Si le grand public connaît Ernst Jünger pour son livre le plus diffusé, Orages d’acier, dans lequel il raconte son expérience des combats de la Première Guerre Mondiale, ce même public est souvent ignorant du reste des œuvres de l’écrivain allemand, et notamment de son travail de diariste.
Ernst Jünger a en effet toujours tenu son journal ; durant cette période singulière de la Première Guerre Mondiale, mais également dans les périodes de paix et durant la Seconde Guerre Mondiale, au cours de laquelle il a été mobilisé en tant que capitaine. La période qui s’étend de 1939 à 1948 est l’objet de ce recueil de la collection de la Pléiade qui regroupe l’ensemble des six volumes formant les journaux de cette période.
Il s’agit d’abord de Routes et jardin qui couvre l’année 1939 et une partie de l’année 1940 au cours de laquelle E.Jünger est affecté à une unité engagée dans la Campagne de France mais qui n’a pas l’occasion de combattre. Le Premier et le Second Journal Parisien relatent l’affectation de Jünger au sein de l’Etat-Major allemand à Paris, Notes du Caucase est beaucoup plus concis, puisqu’il couvre une courte période au cours de laquelle l’auteur doit remplir une mission en U.R.S.S (mission dont on ne saura rien d’ailleurs). Enfin, les feuillet de Kirchhorst et la Cabane dans la vigne voient un Jünger attendre puis subir la défaite et l’occupation alliée.
Plonger dans les journaux de Jünger, c’est effectuer un voyage dans le temps et dans la pensée d’un des esprits les plus éclairés et les plus éclectiques de son temps …tout à la fois philosophe, romancier, poète, entomologiste, soldat, l’auteur des falaises de marbres et du travailleur est sans aucun doute un esprit libre, ultra nationaliste mais farouchement anti-nazi, ses journaux de la Seconde Guerre mondiale sont des documents des plus intéressants.
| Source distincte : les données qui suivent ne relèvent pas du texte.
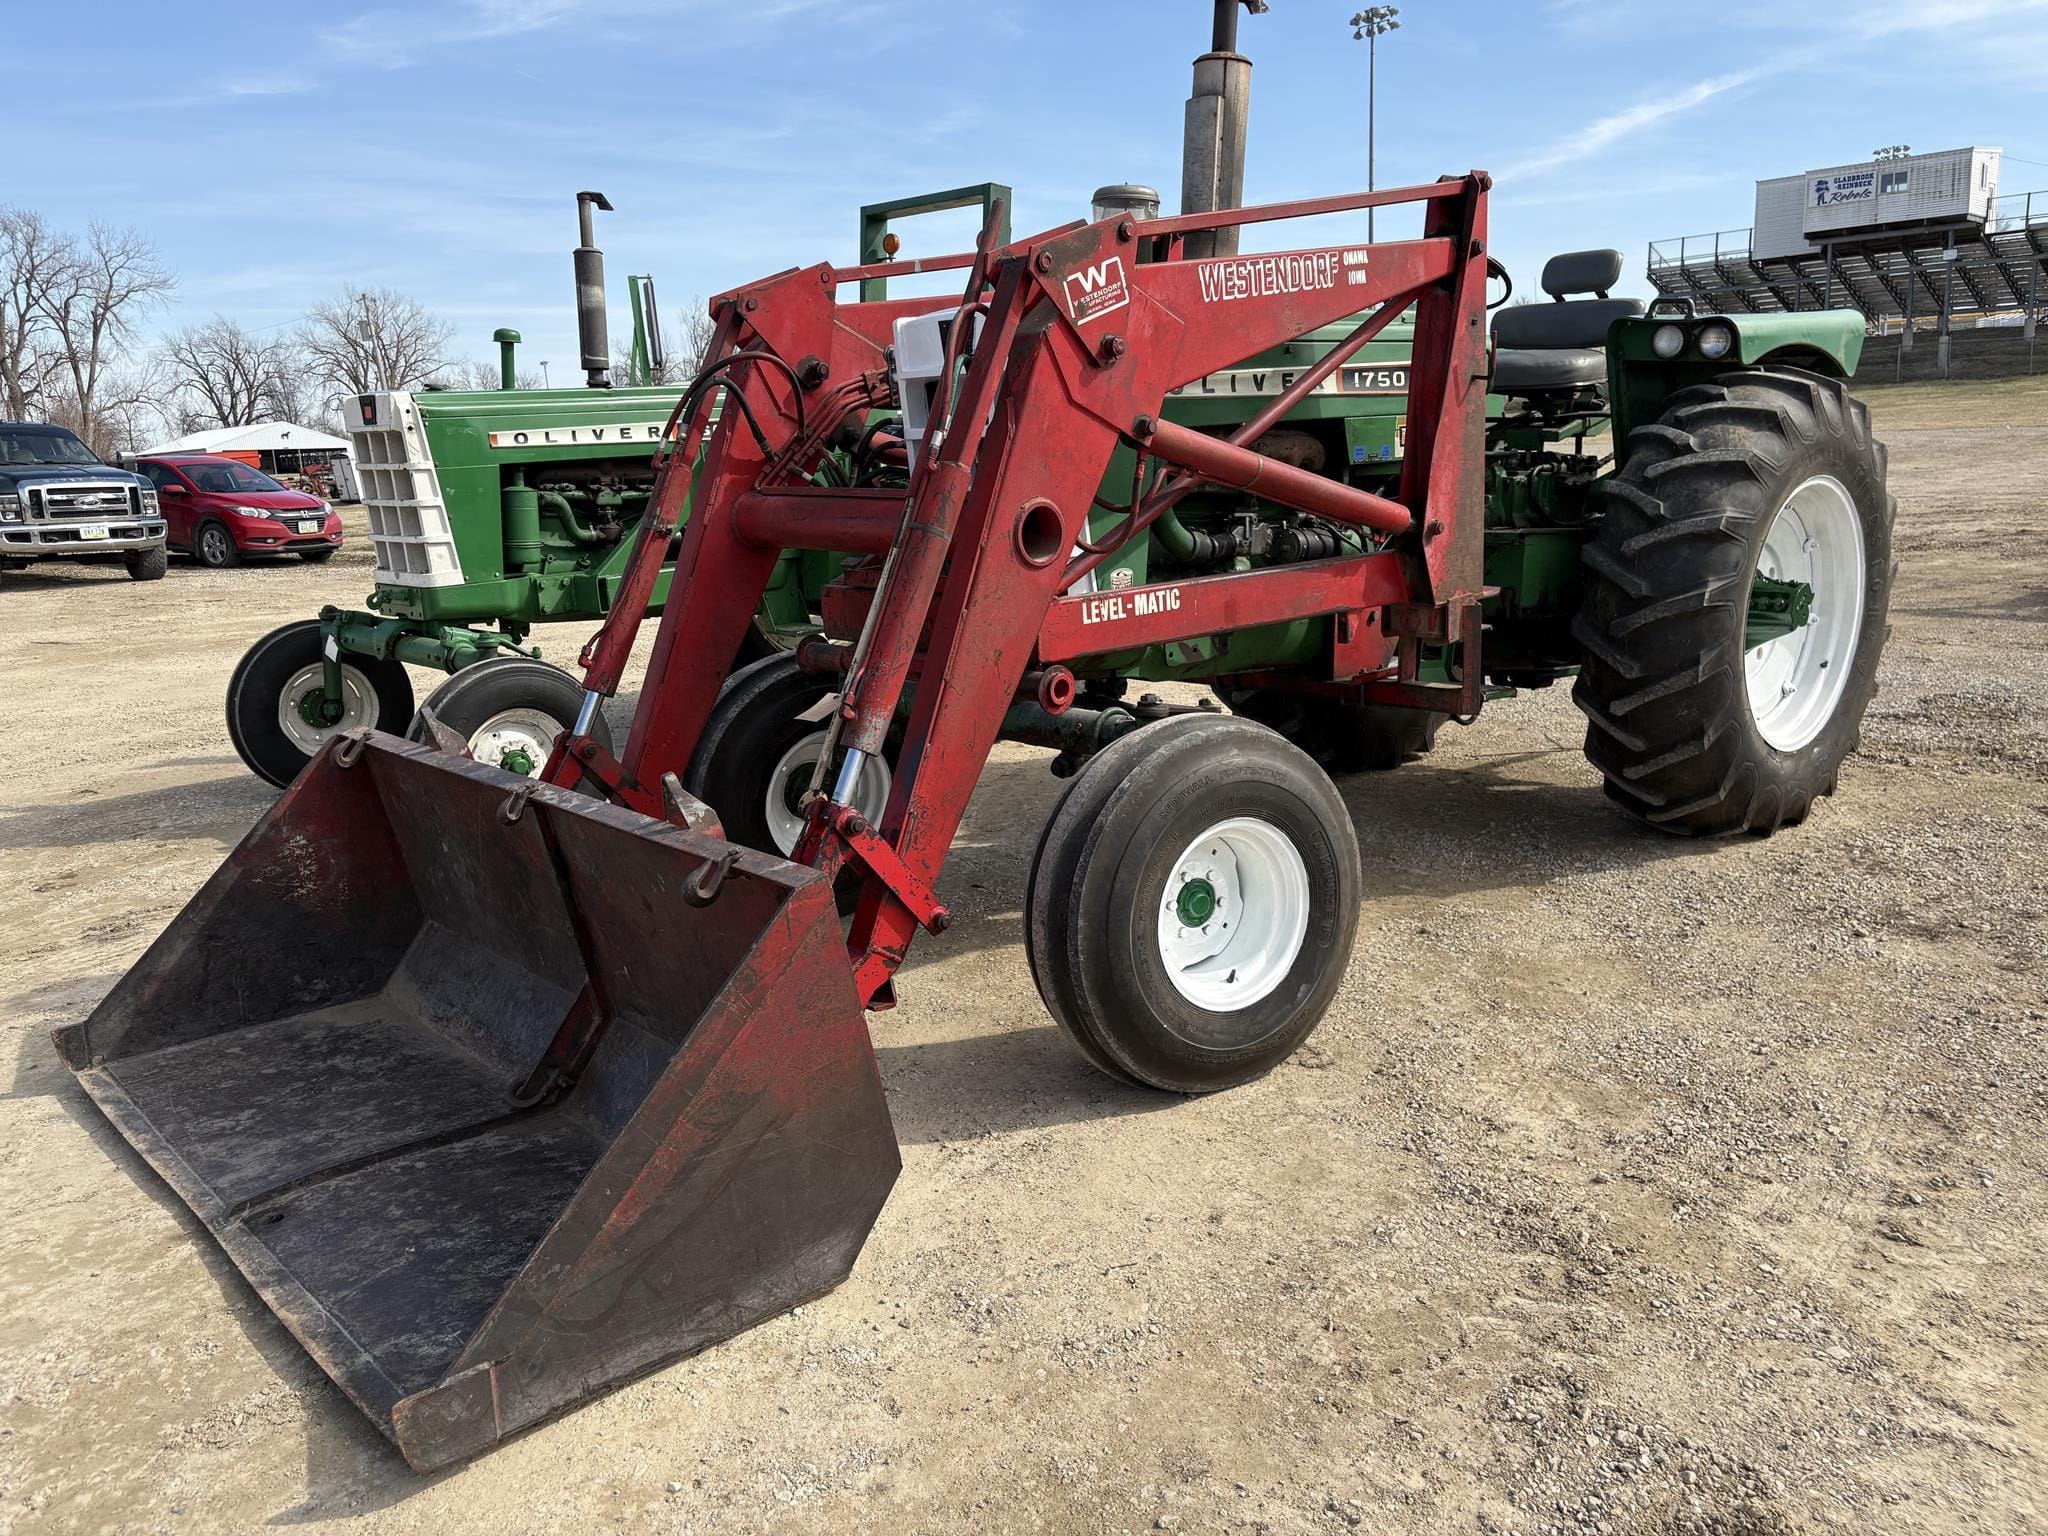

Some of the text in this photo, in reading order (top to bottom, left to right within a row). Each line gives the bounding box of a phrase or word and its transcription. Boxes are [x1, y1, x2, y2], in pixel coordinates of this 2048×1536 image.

[1834, 172, 1874, 184] GLADBROOK
[1829, 188, 1872, 204] Rebels
[1199, 250, 1368, 302] WESTENDORF ONAWA
[1348, 270, 1366, 285] IOWA
[1170, 371, 1405, 395] LIVE 1750
[514, 426, 661, 444] OLIVER
Ils permettent notamment de comprendre un état d’esprit, celui des élites intellectuelles face à une époque dangereuse, pleine de contradictions et beaucoup plus difficile à cerner que la vision souvent manichéenne que la réécriture de l’histoire par les vainqueurs cherche le plus souvent à nous faire intégrer.
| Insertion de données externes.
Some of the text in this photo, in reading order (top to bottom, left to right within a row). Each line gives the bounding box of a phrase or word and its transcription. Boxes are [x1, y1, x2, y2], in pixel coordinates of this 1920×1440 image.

C’est ainsi que Jünger dans ses deux journaux parisiens se montre un parfais gentilhomme, francophile éclairé, passant le plus clair de son temps à parcourir les quais de Seine à la recherche d’éditions originales rares ou à fréquenter le gratin de l’intelligentsia de l’époque (Cocteau, Guitry, Paulhan, Picasso, Braque, Céline,…). Très grand lecteur, il livre ses impressions, partage ses réflexions. Cette époque est charnière pour l’écrivain… il redécouvre à cette époque la Bible qu'il lit deux fois. C’est aussi l’occasion pour lui de relater son expérience de la guerre… la constatation que la technique a renforcé son emprise sur l’homme, les chars, les bombardiers l’impressionnent beaucoup. Il livre dans le dernier volet, la cabane dans la vigne de longues pages très intéressantes sur son activité intellectuelle de l’entre-deux-guerres, des réflexions sur ses fréquentations et notamment sur Goebbels dont il fut proche mais que des positions irréconciliables vont peu à peu éloigner.
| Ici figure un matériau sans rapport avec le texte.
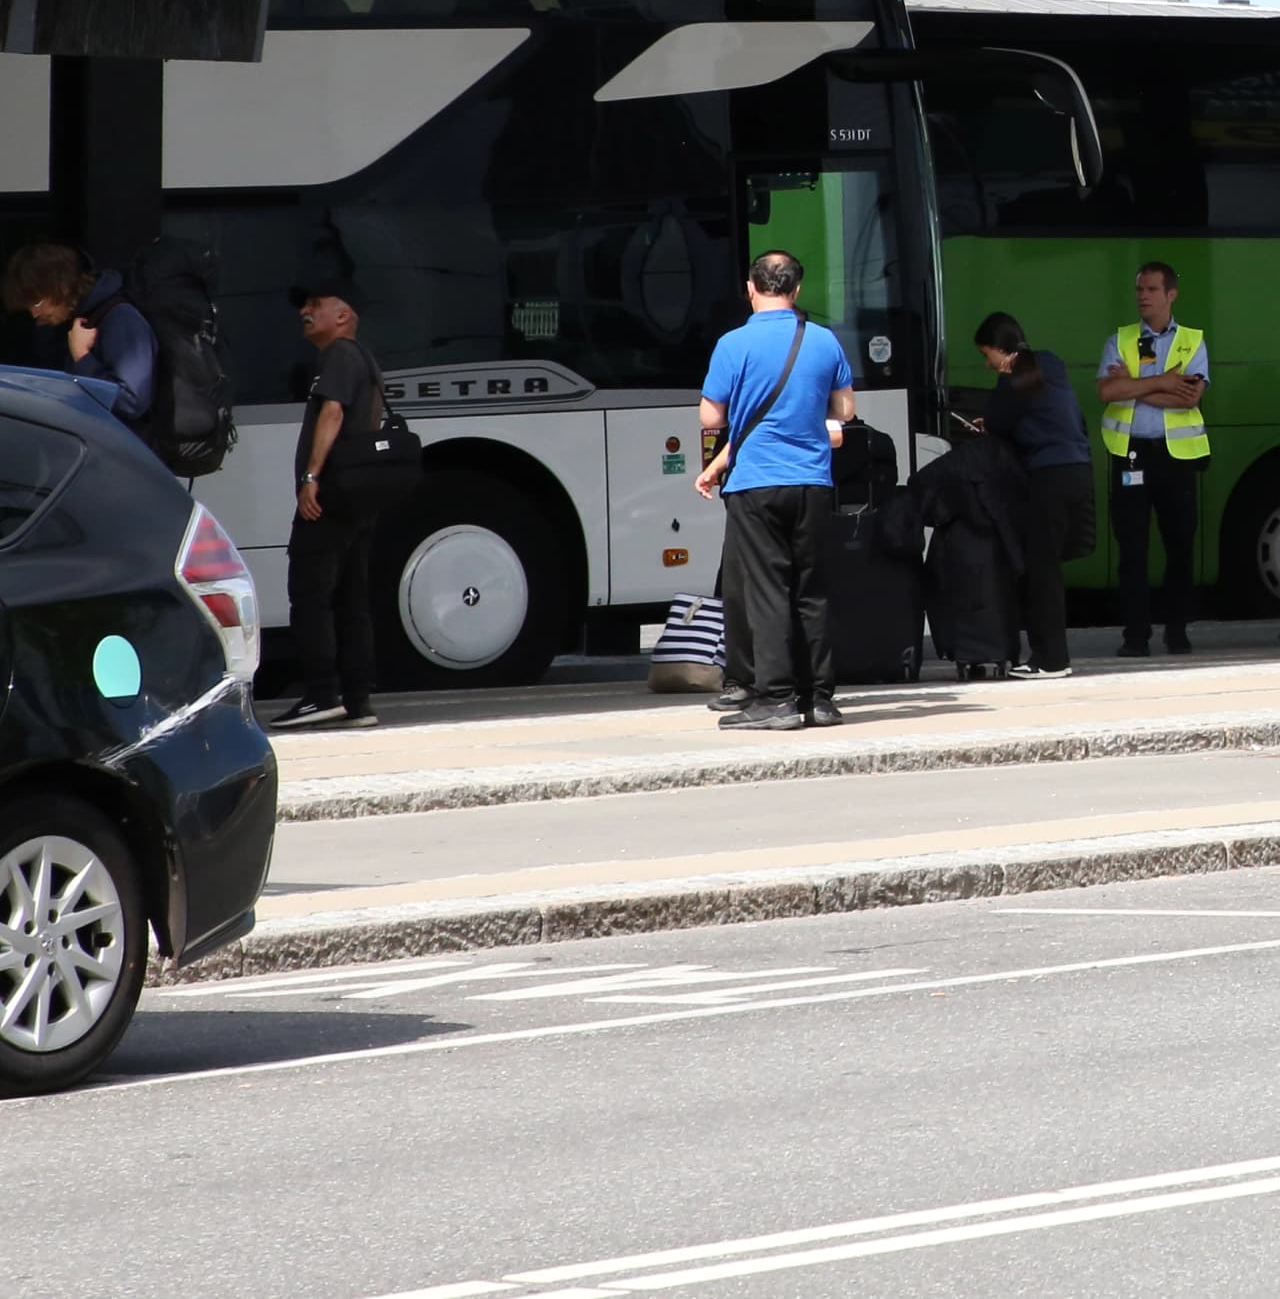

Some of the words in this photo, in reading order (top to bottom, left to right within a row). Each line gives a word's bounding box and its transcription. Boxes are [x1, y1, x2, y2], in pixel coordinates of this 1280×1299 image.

[830, 128, 837, 141] S
[839, 128, 855, 141] 531
[857, 128, 872, 141] DT
[384, 377, 549, 399] SETRA
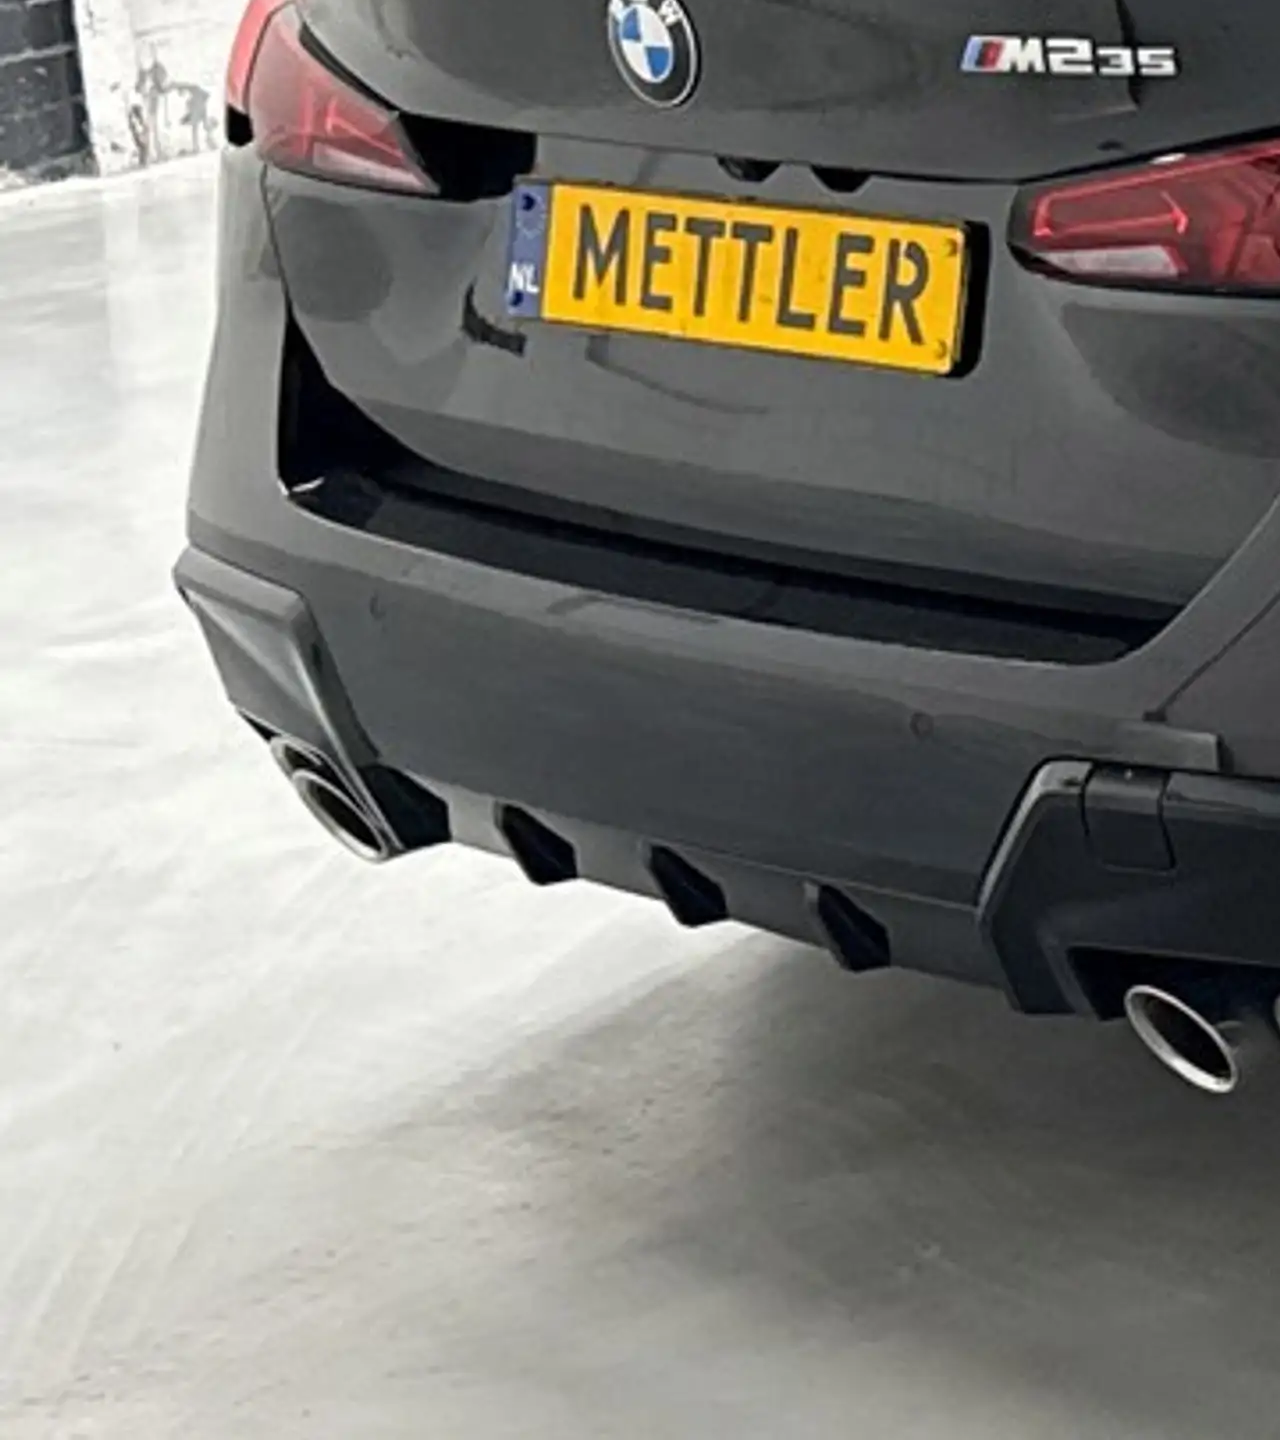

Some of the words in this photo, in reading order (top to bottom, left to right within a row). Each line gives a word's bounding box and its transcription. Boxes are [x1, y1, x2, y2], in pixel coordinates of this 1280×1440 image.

[1001, 36, 1178, 76] M235
[508, 262, 540, 295] NL
[572, 203, 931, 347] METTLER
Il semble que la réception de ces journaux de guerre ait été diversement appréciée par la critique notamment du fait d’un apparent détachement de l’auteur face aux souffrances de ses contemporains (la célèbre scène dans laquelle il déguste un verre de bordeaux avec des fraises ( !) sur le toit de l’hôtel Raphaël tout en contemplant les escadrilles partant bombarder un objectif proche a fait couler beaucoup d’encre) ..et pourtant, à de nombreuses reprises cet homme, guerrier dans l’âme, laisse transparaître sa pitié et sa désolation face à des événements qu’il avait prédits, ces équarrissoirs (Les falaises de Marbres) et le règne des Lémures (comprendre les inféodés aux totalitarismes). Désolation face au malheur des civils, victimes de la guerre (routes et jardins), malheur du Juif innocent persécuté par la police allemande (Premier journal parisien), malheur de ses amis emprisonnés pour des positions non conformes (Niekish, Stülpnagel, …), malheur des populations allemandes victimes à leur tour des excès que la guerre ne manque jamais d’apporter à travers les bombardements, viols massifs, vols des biens, saccage des propriétés…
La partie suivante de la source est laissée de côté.